Make an exact copy of the records, omitting all images.
THE DATA below:
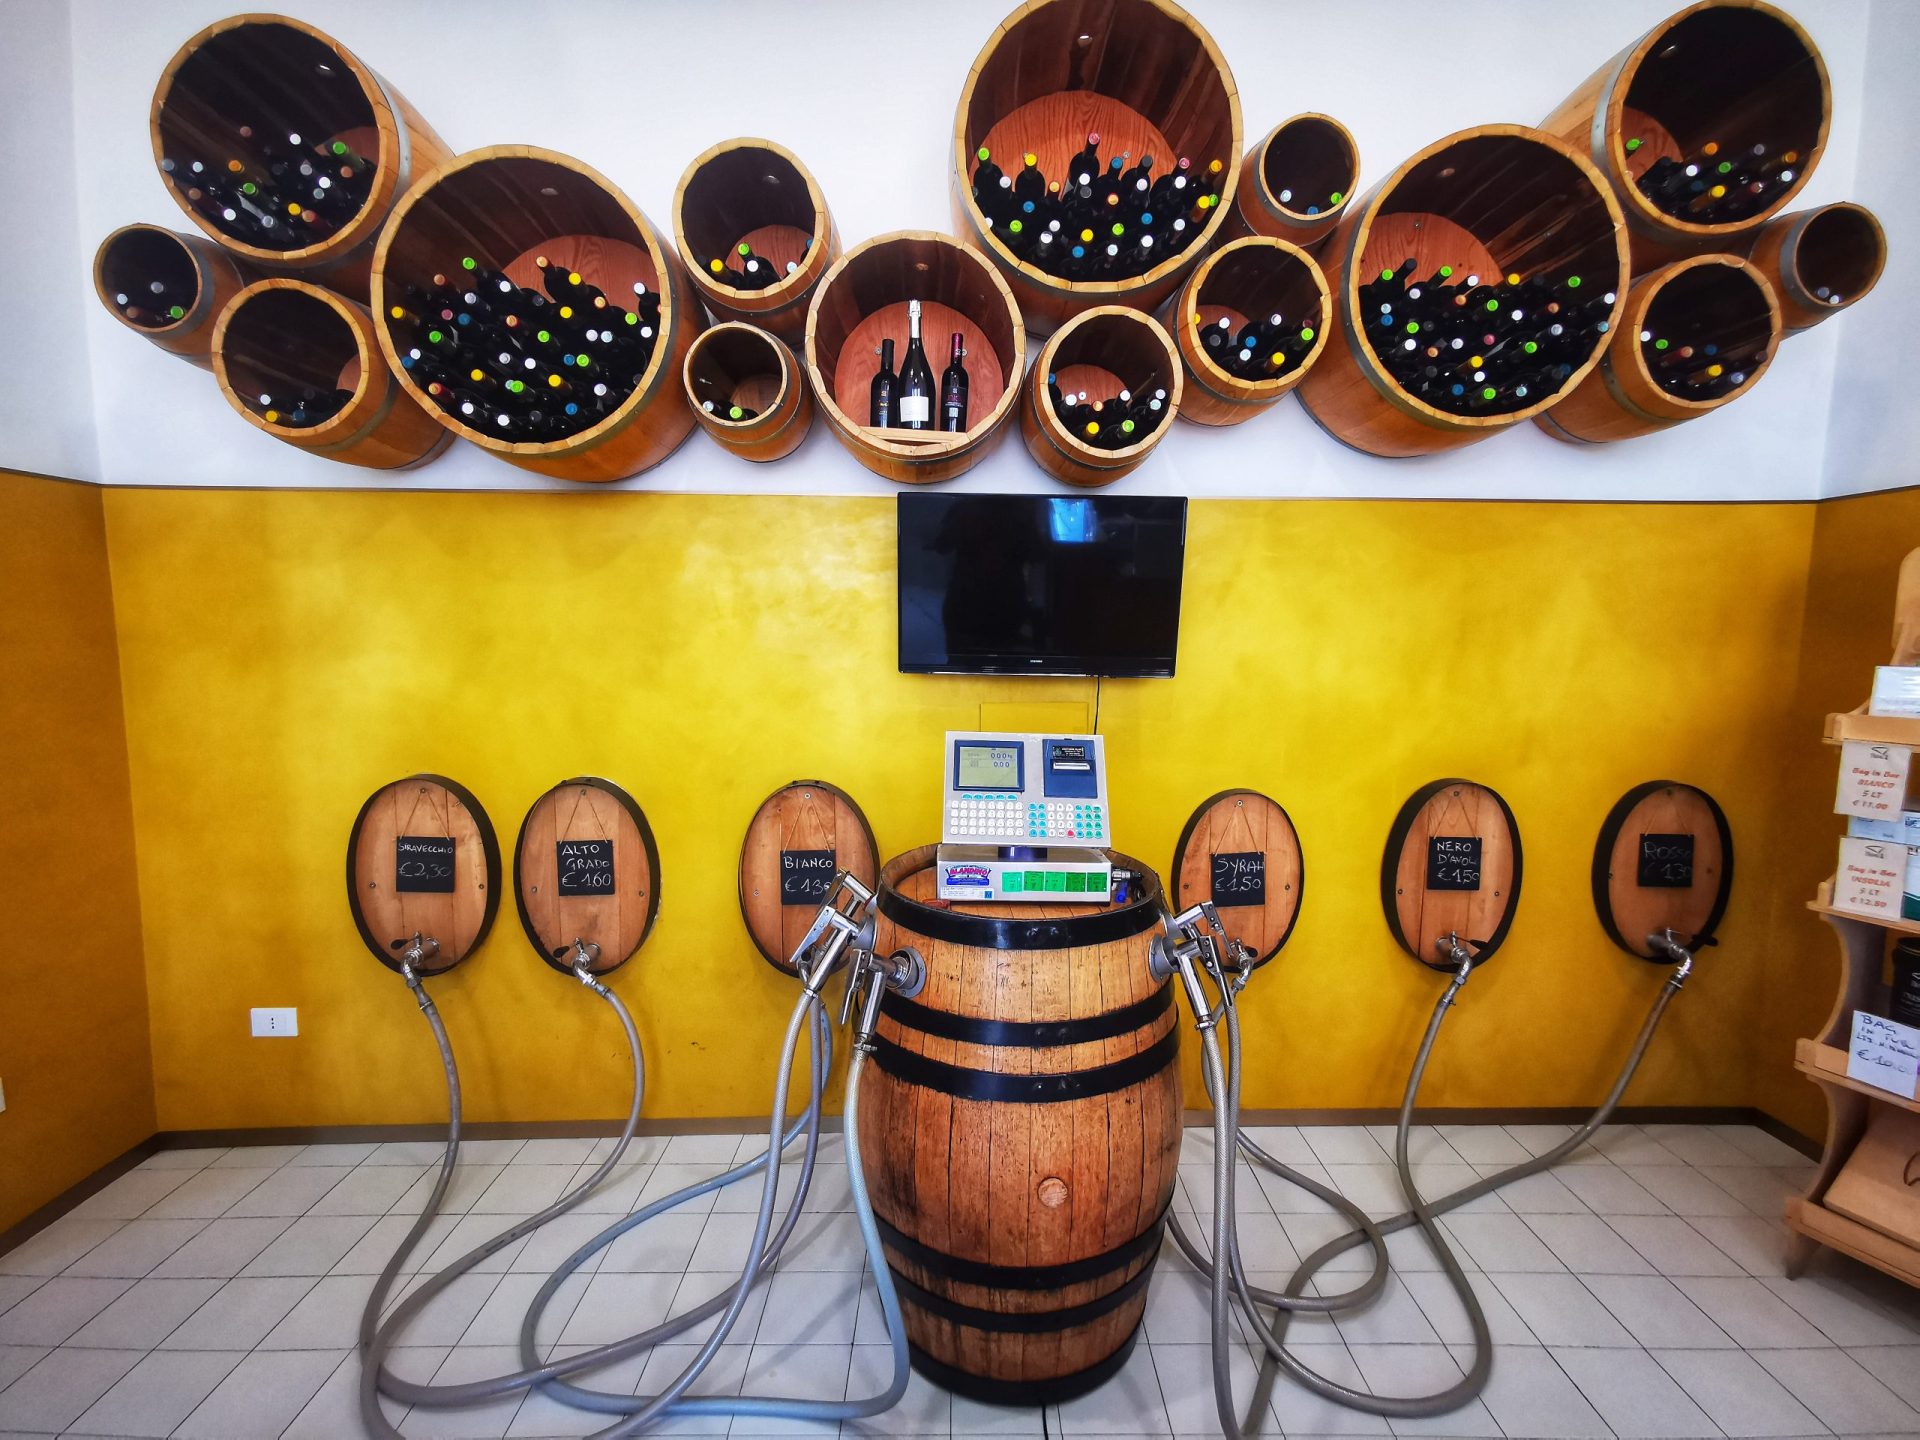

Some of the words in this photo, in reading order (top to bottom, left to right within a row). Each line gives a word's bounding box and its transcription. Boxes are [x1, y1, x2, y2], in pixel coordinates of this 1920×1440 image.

[561, 844, 600, 856] ALTO
[1436, 841, 1472, 852] NERO
[566, 857, 610, 871] GRADO
[783, 855, 833, 869] BIANCO
[1214, 858, 1264, 877] SYRAH
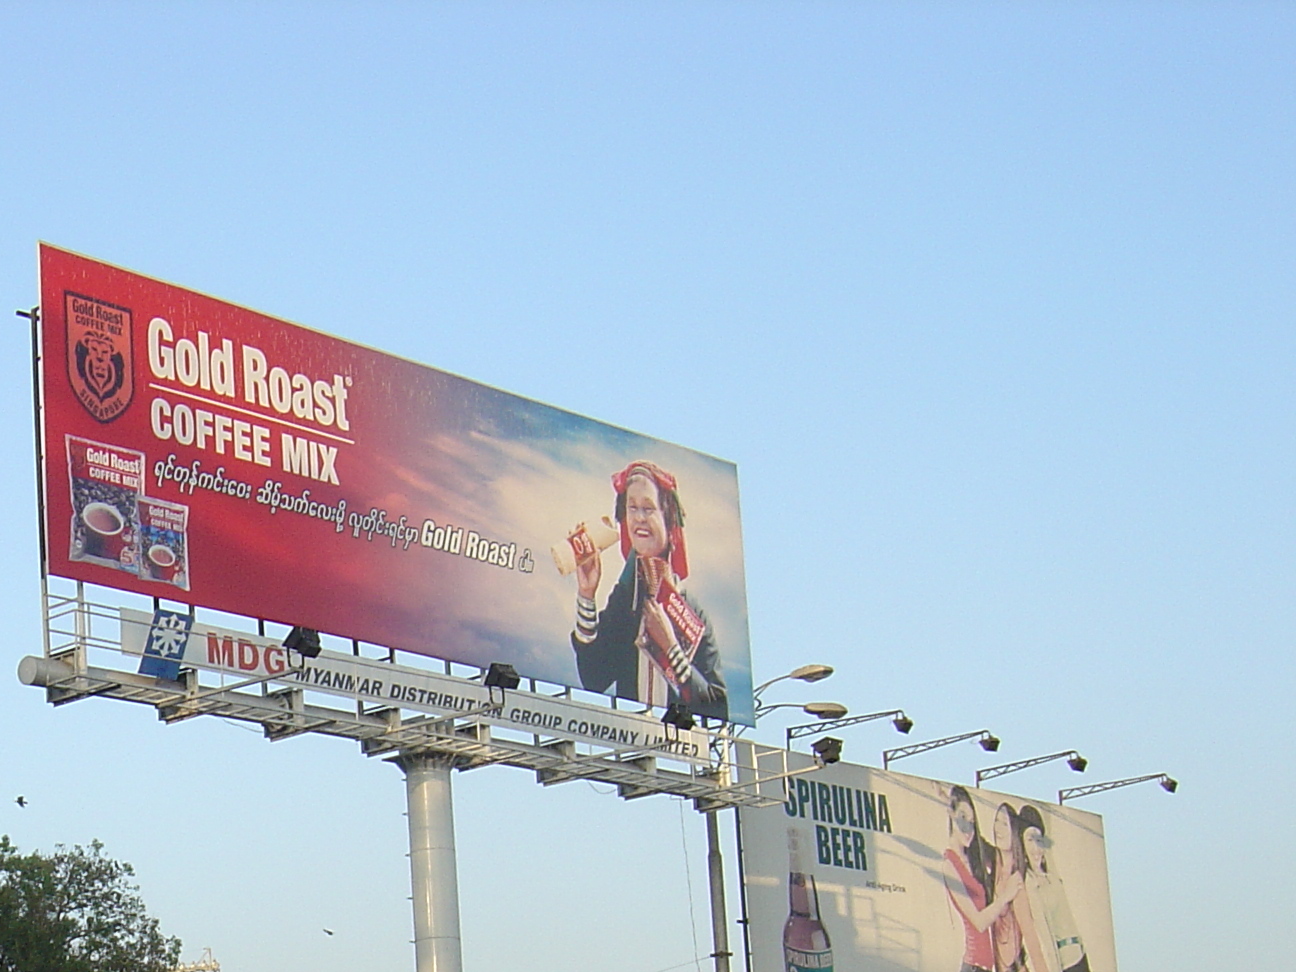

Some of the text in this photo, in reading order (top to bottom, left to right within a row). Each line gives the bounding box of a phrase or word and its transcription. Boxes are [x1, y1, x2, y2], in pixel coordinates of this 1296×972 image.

[72, 298, 123, 326] Gold Roast
[75, 314, 122, 336] COFFEE MIX
[148, 317, 234, 398] Gold
[79, 388, 124, 419] SINGAPORE
[86, 447, 139, 474] Gold Roast
[151, 397, 341, 486] COFFEE MIX
[89, 467, 139, 487] COFFEE MIX
[421, 520, 461, 555] Gold
[465, 532, 516, 569] Roast
[207, 631, 285, 675] MDG
[295, 666, 383, 696] MYANMAR
[510, 707, 563, 730] GROUP
[567, 719, 640, 746] COMPANY
[782, 775, 893, 834] SPIRULINA
[815, 824, 868, 871] BEER
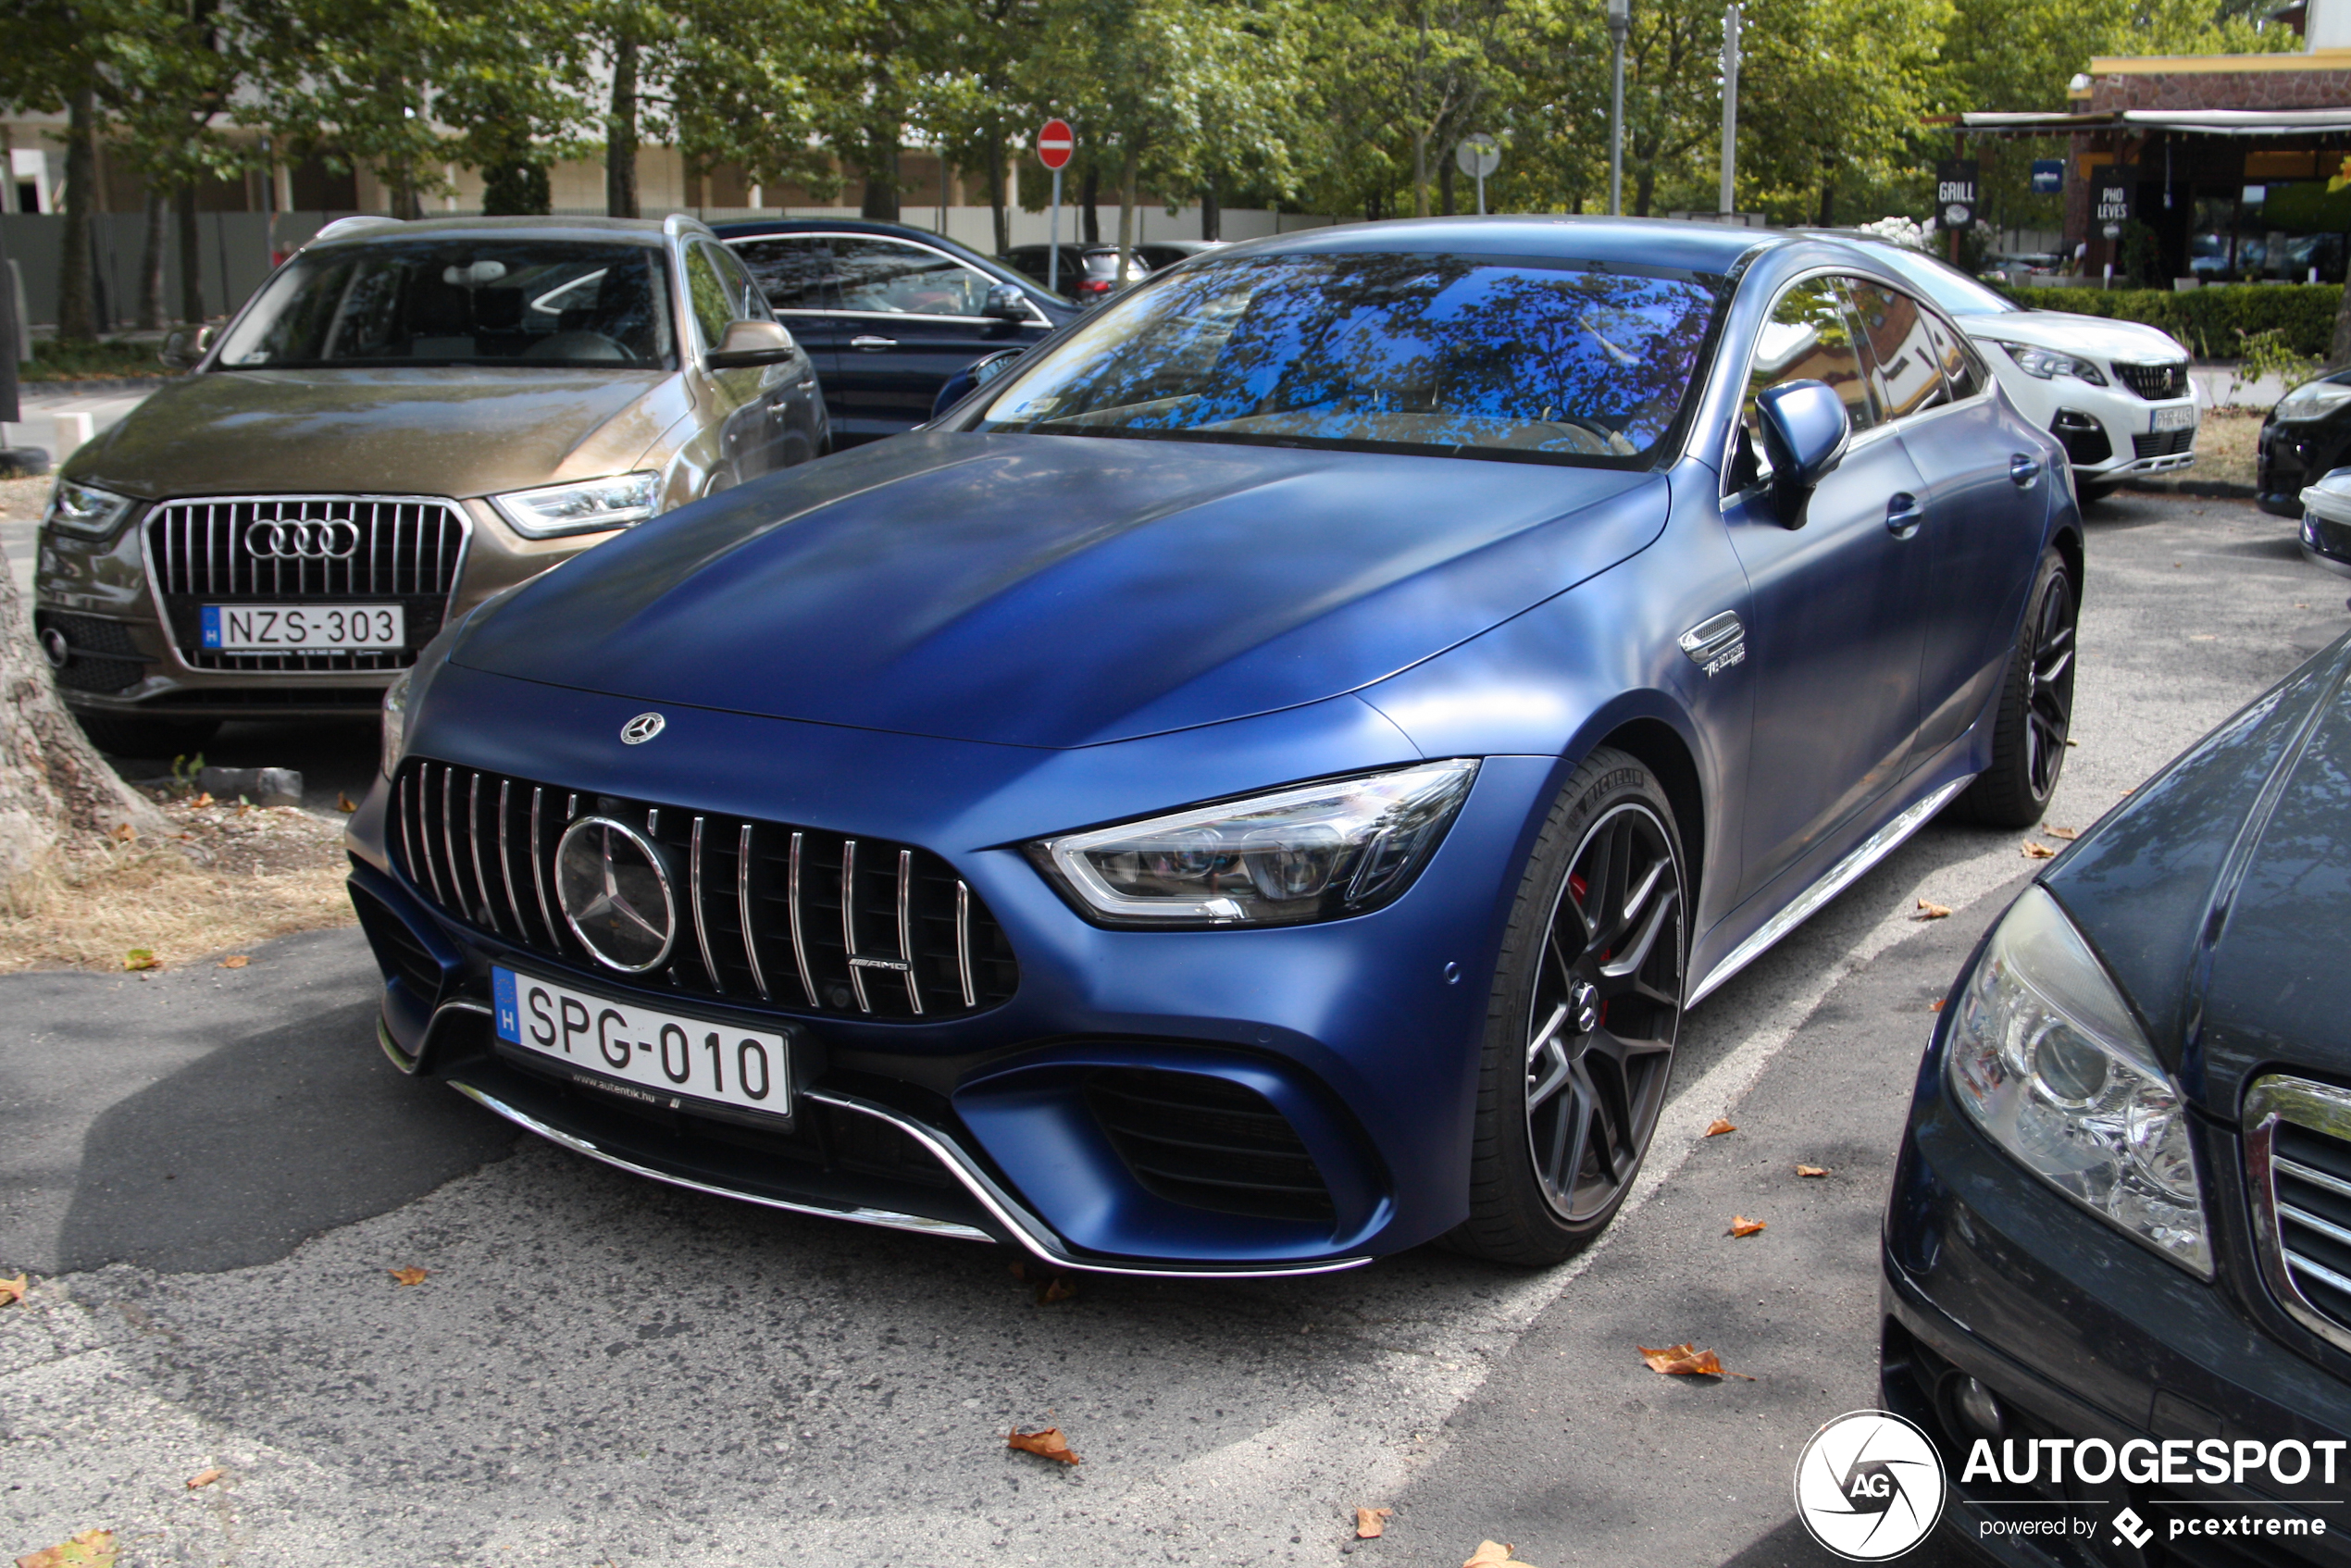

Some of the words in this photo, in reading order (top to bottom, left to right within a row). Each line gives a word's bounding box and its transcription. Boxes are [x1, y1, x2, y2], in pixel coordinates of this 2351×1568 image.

[1938, 181, 1975, 203] GRILL
[2102, 187, 2124, 203] PHO
[2097, 204, 2127, 219] LEVES
[206, 629, 218, 642] H
[229, 610, 393, 642] NZS-303
[1584, 766, 1644, 813] MICHELIN
[866, 960, 908, 971] AMG
[501, 1011, 515, 1031] H
[529, 986, 770, 1101] SPG-010
[572, 1074, 655, 1102] www.autentik.hu
End of THE DATA.
* **OUTPUT FOR THIS EXERCISE**:
Some of the words in this photo, in reading order (top to bottom, left to right within a row). Each line gives a word's bounding box and its transcription. Boxes are [x1, y1, x2, y2], in pixel coordinates of this 1920×1440 image.

[561, 844, 600, 856] ALTO
[1436, 841, 1472, 852] NERO
[566, 857, 610, 871] GRADO
[783, 855, 833, 869] BIANCO
[1214, 858, 1264, 877] SYRAH

Some of the text in this photo, in reading order (top to bottom, left to right within a row). Each line gives the bounding box of a phrase or word and its transcription. Boxes are [x1, y1, x2, y2], in pixel coordinates of this 1296×972 image.

[72, 298, 123, 326] Gold Roast
[75, 314, 122, 336] COFFEE MIX
[148, 317, 234, 398] Gold
[79, 388, 124, 419] SINGAPORE
[86, 447, 139, 474] Gold Roast
[151, 397, 341, 486] COFFEE MIX
[89, 467, 139, 487] COFFEE MIX
[421, 520, 461, 555] Gold
[465, 532, 516, 569] Roast
[207, 631, 285, 675] MDG
[295, 666, 383, 696] MYANMAR
[510, 707, 563, 730] GROUP
[567, 719, 640, 746] COMPANY
[782, 775, 893, 834] SPIRULINA
[815, 824, 868, 871] BEER

Some of the words in this photo, in reading order (top to bottom, left to right within a row). Each line gives a word's bounding box and its transcription. Boxes are [x1, y1, x2, y2], in pixel coordinates of this 2351×1568 image.

[1938, 181, 1975, 203] GRILL
[2102, 187, 2124, 203] PHO
[2097, 204, 2127, 219] LEVES
[206, 629, 218, 642] H
[229, 610, 393, 642] NZS-303
[1584, 766, 1644, 813] MICHELIN
[866, 960, 908, 971] AMG
[501, 1011, 515, 1031] H
[529, 986, 770, 1101] SPG-010
[572, 1074, 655, 1102] www.autentik.hu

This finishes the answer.